In all other respects the system performs pretty well, but occasionally (usually in the wee small hours!) it throws this error. Previously it has always come back after a simple BMS power cycle, the fact it took 20 minutes of trying this time makes me a little nervous that the problem is somehow getting worse.
For what it's worth the battery voltage trace in Home Assistant shows no abnormalities, it simply flatlines once the BMS goes into the error state.
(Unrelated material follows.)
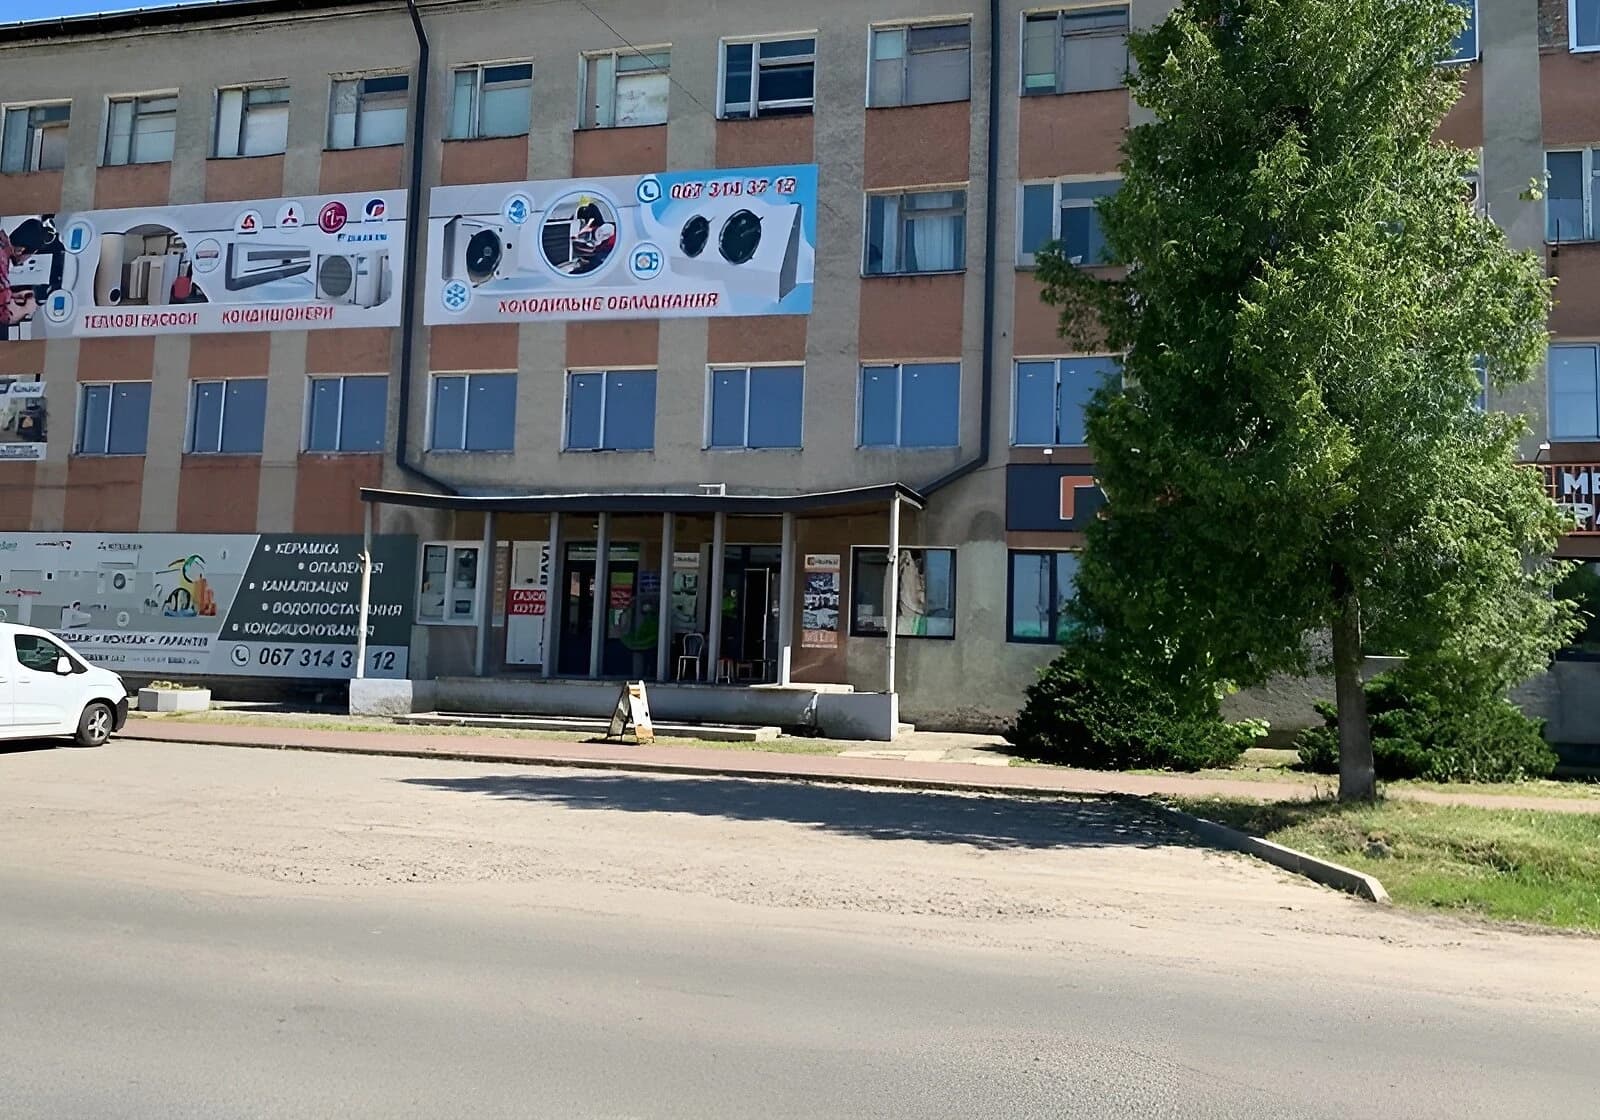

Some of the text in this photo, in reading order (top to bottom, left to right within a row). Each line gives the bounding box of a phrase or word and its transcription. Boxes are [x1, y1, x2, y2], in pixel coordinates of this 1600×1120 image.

[498, 292, 719, 313] ХОЛОДИЛЬНЕ ОБЛАДНАННЯ
[258, 647, 294, 667] 067
[299, 648, 335, 668] 314
[372, 651, 396, 671] 12
Anyone got any ideas about what might be causing this and what I could / should do about it? In my view equipment like this needs to be utterly reliable, and it's recurrence after moving to the latest firmware starts to suggest the presence of an intermittent hardware fault?
BMS weirdness
Checking the pics on my phone it looks like this last happened in early February, when it was Bat Volt Fault, immediately followed by Bat Volt Low.
-
- Posts: 1305
- Joined: Thu Oct 13, 2022 7:21 pm
It's not obvious from that why it would throw a bat volt fault, the battery voltage for the stack looks good, translating that to cell voltages it's probably around the 3.3v point and so 60-70% soc.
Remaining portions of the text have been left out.